Statistical analyses
Two one-way MANOVAs were performed using assessment order (10 levels) as the independent variable. The preconsensus data (the exercise-specific overall ratings and the MECand NUMtest scores) were used as dependent variables in the first MANOVA, while the consensus ratings of the eight abilities and of overall AC performance were used in the second. T-tests were employed to examine specific facets of variation within the orders.
Results
Exercise order had a significant multivariate effect on the preconsensus data (F(63,12964)=1.46, p<.01). Univariate analysis revealed that only performance in the RP (F(9,1852)=2.00, p<.04) and the HRG (F(9,1852)=1.97, p<.04) were significantly affected by exercise order. A significant post hoc Bonferroni t test revealed that candidates in Order 6 received an overall RP rating that was a half-point higher than those in Order 2. Further analysis indicated that the RP was the second exercise of the day in Order 6, whereas it was the second last Order 2 assessment. Moreover, unlike
Exercise order |
113 |
any of the other exercises, the RP was always scheduled either near the beginning or near the end of the day. In fact, when early-day RP performance (in four orders) was compared to the late-day outcome (six orders), the difference was significant (t(1987)=2.74, p<.01), although small in magnitude at .17.
Another indication that the multivariate order effect on the preconsensus data was not especially robust was the lack of significant mean differences involving the HRG. Moreover, when the sample was split, based on the overall AC performance rating, the multivariate preconsensus effect was sustained for the below-average performers (F(63,4765)=1.45, p<.01) but not for the above-average ones. For the sample as a whole, exercise order accounted for only about 1%of the variance in the RP and HRG ratings.

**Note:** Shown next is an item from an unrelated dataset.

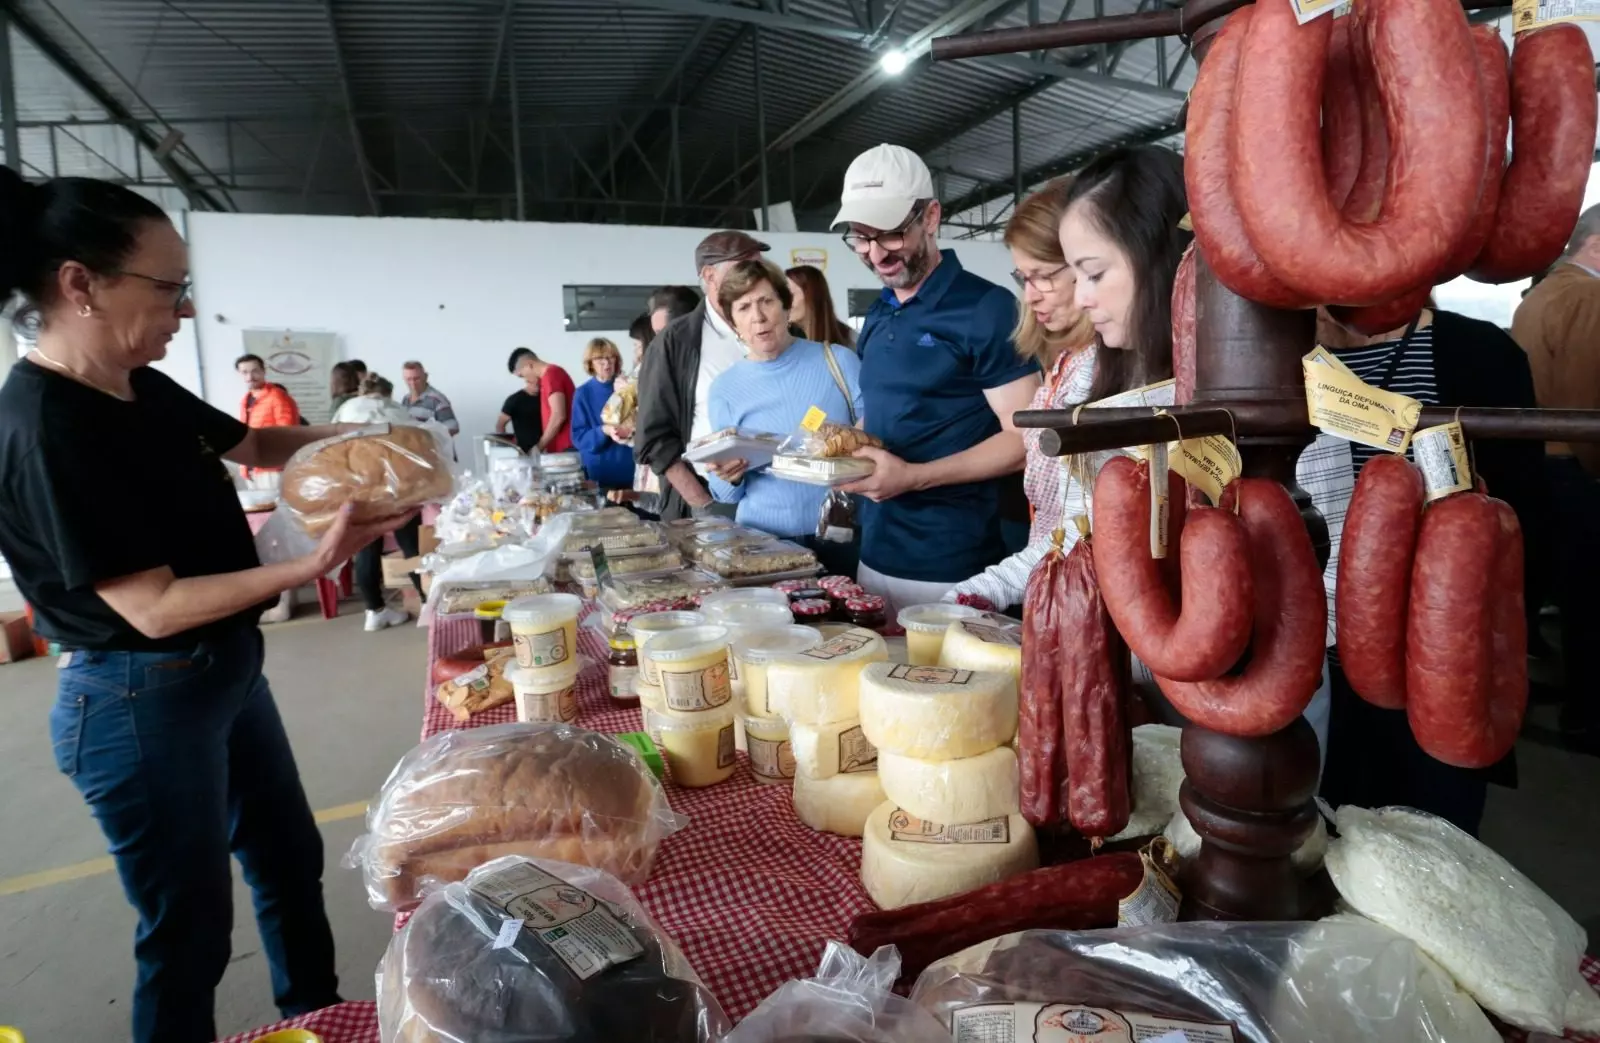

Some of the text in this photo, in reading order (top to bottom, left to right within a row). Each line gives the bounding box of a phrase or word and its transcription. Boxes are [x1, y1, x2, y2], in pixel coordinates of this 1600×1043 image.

[1317, 382, 1353, 397] LINGUIÇA
[1339, 396, 1369, 411] DA OMA

The MANOVA involving the overall consensus judgments was not significant (F(81,17136)=1.16, p<.15). Exercise order accounted for less than 1%of the variance in the overall rating of AC performance.

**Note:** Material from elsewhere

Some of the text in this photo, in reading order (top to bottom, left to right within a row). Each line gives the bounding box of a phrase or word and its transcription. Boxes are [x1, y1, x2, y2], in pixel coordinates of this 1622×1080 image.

Although few of the overall effects were significant, we evaluated the possibility of differences within certain targeted subsets of the orders. For example, is performance on a given standardized paper-and-pencil test stronger in orders where it is immediately preceded by a test of a similar type? Similarly, is performance in a given one-on- one exercise (such as the RP) stronger in orders where it follows another one-on-one assessment (such as the INTER) as opposed to a group exercise (the PSG)? Further, is performance in a given assessment stronger in orders where it immediately follows a lunch break as opposed to when it does not? The only significant finding associated with these types of tests was not as expected. Performance in the one-on-one RP was stronger in orders where it immediately followed the PSG as opposed to when it followed another one-on-one assessment, the INTER (t(996)= - 2.22, p<.05).
Discussion
This study examined order differences in AC performance using a robust manipulation and a large sample size. Performance in the RP was stronger when the exercise was held in the morning as opposed to the late afternoon. Contrary to expectations, RP performance was also stronger when it followed the group-oriented PSGas opposed to the one-on-one INTER. Finally, all of the effects were small in magnitude and typically failed to hold when the analysis was confined to those who performed well in the AC overall.

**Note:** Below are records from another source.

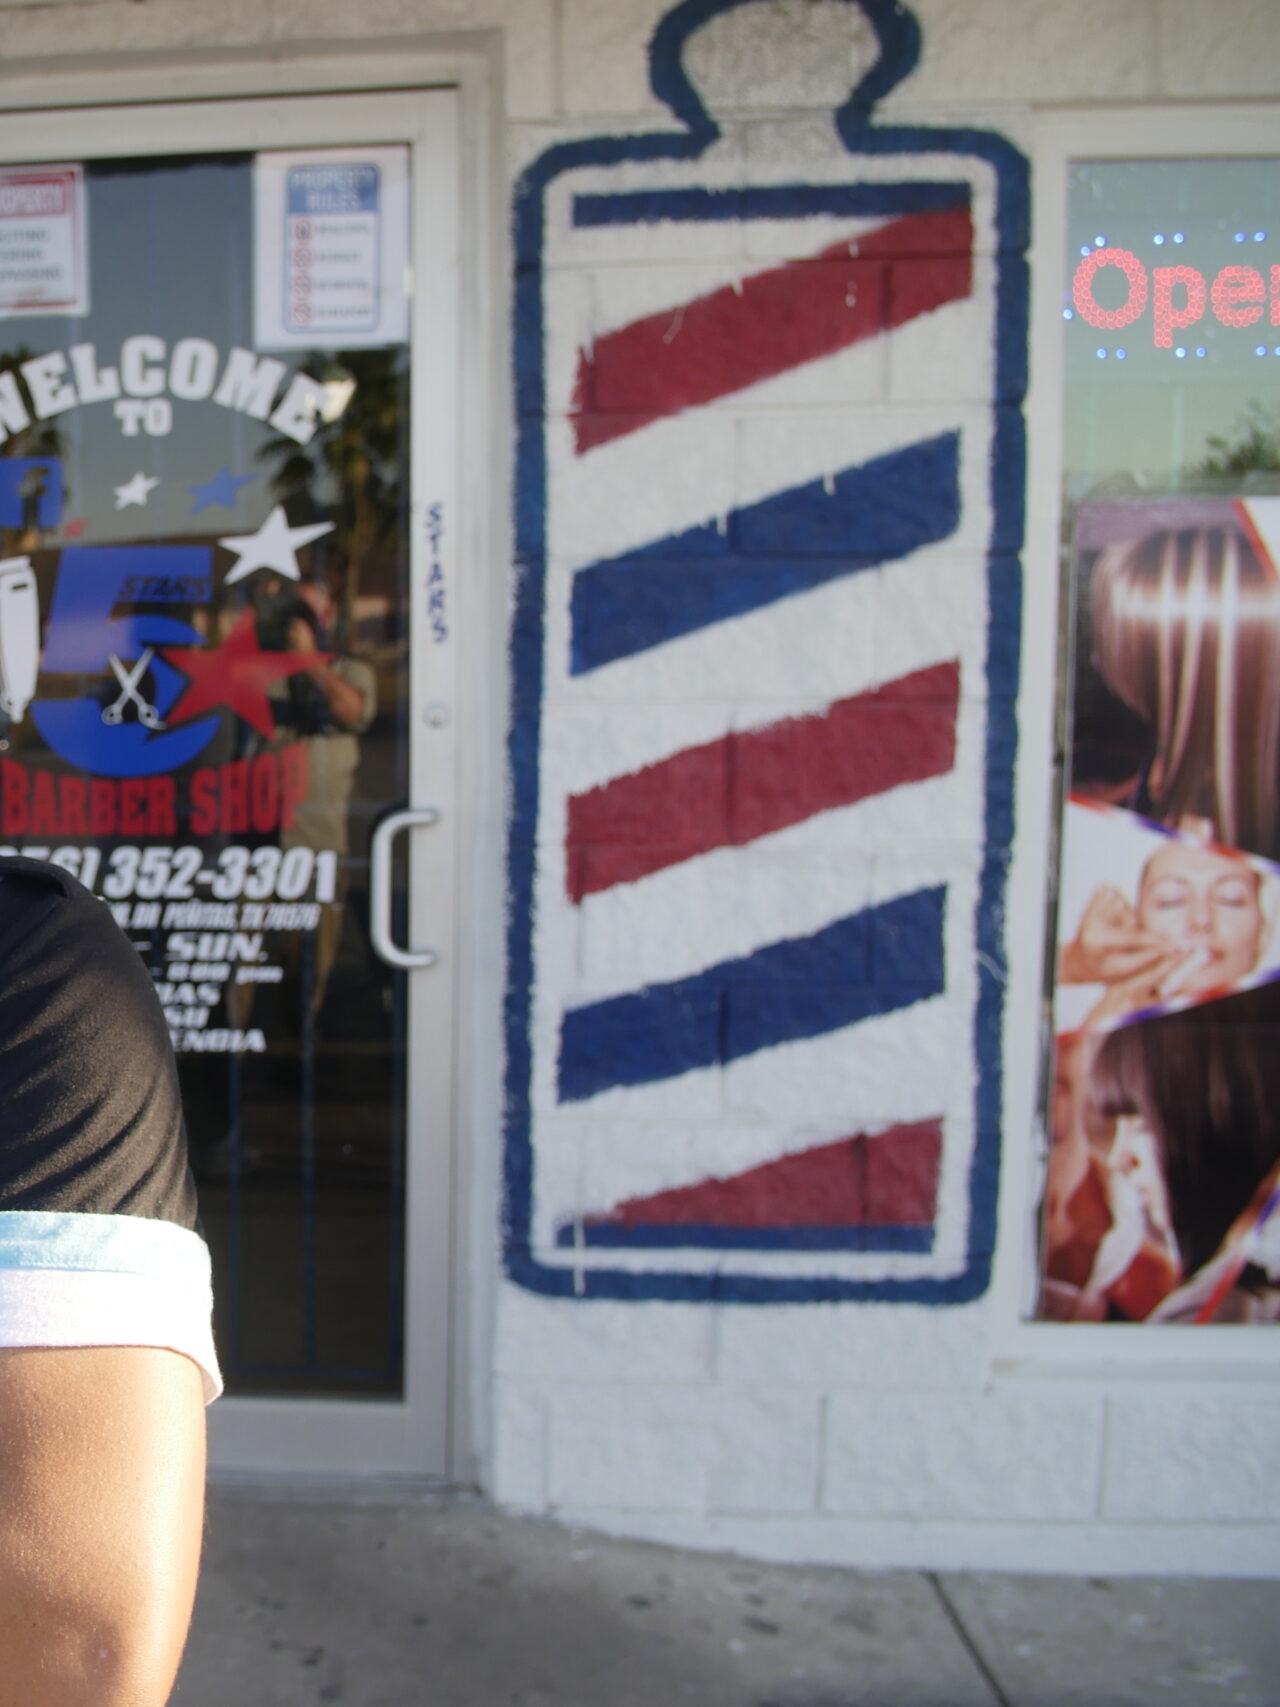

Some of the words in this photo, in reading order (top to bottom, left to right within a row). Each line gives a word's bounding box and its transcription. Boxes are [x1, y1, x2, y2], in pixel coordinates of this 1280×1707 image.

[1073, 248, 1280, 348] Ope
[114, 398, 173, 437] TO
[425, 502, 449, 645] STARS
[0, 757, 177, 838] BARBER
[189, 744, 309, 838] SHOP
[102, 846, 337, 901] 352-3301

Given the number of orders examined, more consistent meaningful performance effects might have been expected. However, not all of the potentially important forms of order variation were examined. For example, in no case did candidates participate in back-to-back group-oriented exercises. Also, although the AC under investigation was centrally developed and monitored, it was implemented at a variety of plants by different programme coordinators and assessors. Thus, although there were no significant order effects within any of the frequently used locations, site variation has the potential to complicate the evaluation of the programme as a whole (e.g. Clingenpeel, 1988).
At this point, it appears reasonable to conclude that order effects if any, are likely to be small. Further, while there is no evidence that exercise form is an important sequencing variable, programme designers should be sensitive to the possibility of early versus late-day performance differences.
114 Peter Bycio and Baniyelme Zoogah
Acknowledgements
We thank Joyce Allen and the anonymous reviewers for their feedback concerning earlier versions of this paper. This research was supported by funding from the D. J. O’Conor Chairship.
References
Bycio, P., Alvares, K. M., & Hahn, J. (1987). Situational specificity in assessment center ratings: A confirmatory factor analysis. Journal of Applied Psychology, 72, 463–474.
Clingenpeel, R. E. (1988, April). A research program on General Motors’ foreman selection assessment center. Symposium conducted at the Third Annual Conference of the Society For Industrial and Organizational Psychology, Dallas, Texas.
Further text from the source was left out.